He chose not to commemorate that day at Thiepval with the veterans of the army of which he is political master.
Before we condemn him, we should bear in mind that friends of John Redwood, his rival for the Tory leadership, are going out of their way to make us loathe Portillo. They may have fomented this fuss about his non-attendance. Nevertheless, disliking Portillo remains an important obligation for us all - his manner is disgusting, and on this occasion, as on others, he has displayed an extraordinary lack of taste.
For 1 July 1916 was both the most important day in our modern military history and among the most important in our entire history. To make matters worse for the Defence Secretary, this may be the last anniversary of that date for which we can call on living memory. Some Somme veterans are in their hundreds. They will not be with us in 10 years. The next anniversary will not really be an anniversary at all. The event will have passed fully into recorded rather than remembered history.
There is, now, some controversy about how we should judge that first day in terms of military history. For most of the 20th century - from Wilfred Owen to Rowan Atkinson's Blackadder - it has been regarded as a monumental blunder perpetrated by a callous High Command who throughout the war cared nothing for the lives of their troops. It is routinely seen as the supreme condemnation of the British class system. Working-class conscripts, lured by the call of duty and the glamour of escape, were chucked into the firing line by cruel, stupid toffs.
Revisionists now say that, though it was undoubtedly a catastrophe, it was forced upon the generals by the political and military demands of the hour. Subsequently, they learnt their lesson and won the decisive second Battle of the Somme employing considerably more humane and modern methods. And we did, after all, win the war - a victory we seem less disposed to celebrate than that of 1945.
Such a controversy has its place, not least in British self-perception. The idea that we have a criminally or comically incompetent ruling class has been a fixed and frequently debilitating aspect of our politics and our culture since the Great War. We still believe in the failings of leadership, more readily because of the slaughter at the Somme. Perhaps that belief is why I so readily dislike Portillo. But, if the generals were not really that incompetent, then our routine contempt for leaders is based upon a misreading of history, and our national habit of giving moral weight to the mannerisms of class is founded upon a lie.

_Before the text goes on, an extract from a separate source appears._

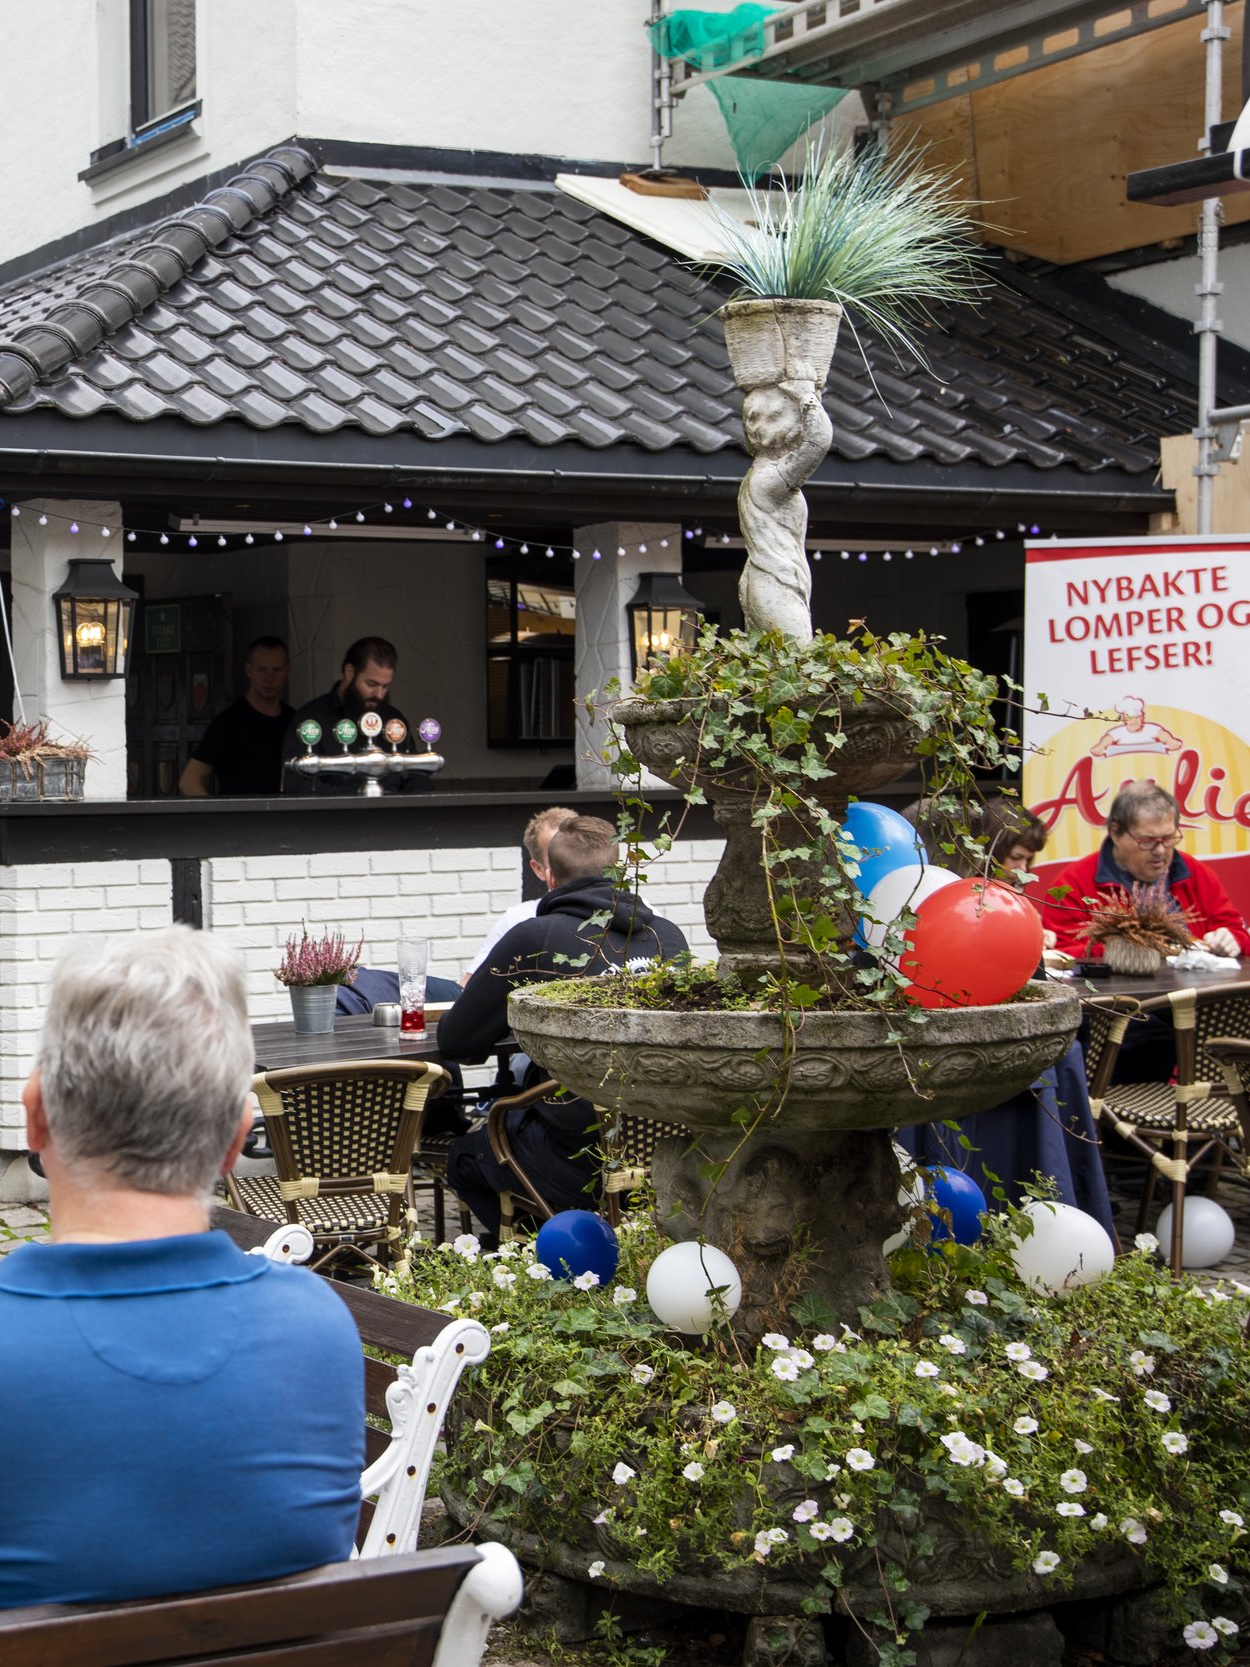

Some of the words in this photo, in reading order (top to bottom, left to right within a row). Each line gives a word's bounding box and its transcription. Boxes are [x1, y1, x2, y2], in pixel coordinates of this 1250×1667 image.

But that issue becomes almost insignificant, a local matter, when set against the elemental spectacle of mechanised, futile slaughter provided by that first day of battle. It is said that more died on that first day of the Somme than had died in the whole previous century of conflicts in Europe. A hundred years of relative peace had led to this. Human progress would always, thereafter, seem a thin, vain, unconvincing faith. For this was a moment that seemed to come from beyond history, a timeless statement of the perpetual possibility of absolute failure.
In many ways, as the historian and critic Paul Fussel has pointed out, it was an image that created the modern sensibility. The blood and mud of the trenches when set against the mannered civilisation of Edwardian England gave birth to a peculiarly modern form of irony based upon the awareness of the contingent, organic mess that lies beneath the enforced order of society. Order itself became a kind of joke, a desperate, doomed attempt to avoid the abyss.
And it gave birth to the modern sense of the human reality of the masses. As the best poems of the time prove, the patrician officers suddenly saw in those massacred brigades of chums and pals not undifferentiated cannon fodder but men like themselves. Wilfred Owen's clay that grew tall formed not the sensitive, cultivated, suffering poet, but Everyman.
This was a realisation whose importance can hardly be overstated. Leaving aside salvation and the immortal soul, the essential secular message of Christianity is: ordinary people have feelings too. It is a radical statement of the irreducibility and commonality of human experience. It took a while to sink in - about 1,880 years, in fact, the length of time between the Sermon on the Mount and 1 July 1916. But when it did, the shock brought one civilisation to an end and ushered in a modern world in which there can be no ultimate legitimacy but that of mass approval, in which some form of equality, however attenuated, is part of everybody's political predisposition.
This, along with the technology that made mass killing possible, changed the complexion of war itself - though oddly, for the worse. Once the masses acquired a voice to which their leaders had to listen, they also became a legitimate target. The bombing of civilian populations in the Second World War signalled the realisation that armies alone were not the point, people were - both because of what they did and what they felt. So 1914- 18 had not been the war to end wars, but rather the war that broadened the definition of conflict to include us all.
All of which is to say that Portillo should have been there on Monday. This commemoration, for all its vast significance, was still a military event; he was the one politician who had to attend. But, in truth, we should all have been there. Those ancient veterans witnessed a terrible battle, one of the worst in history, but they were also there at the awful birth pangs of the contemporary world. Soon they will be gone and we shall begin, as we always do, to forget.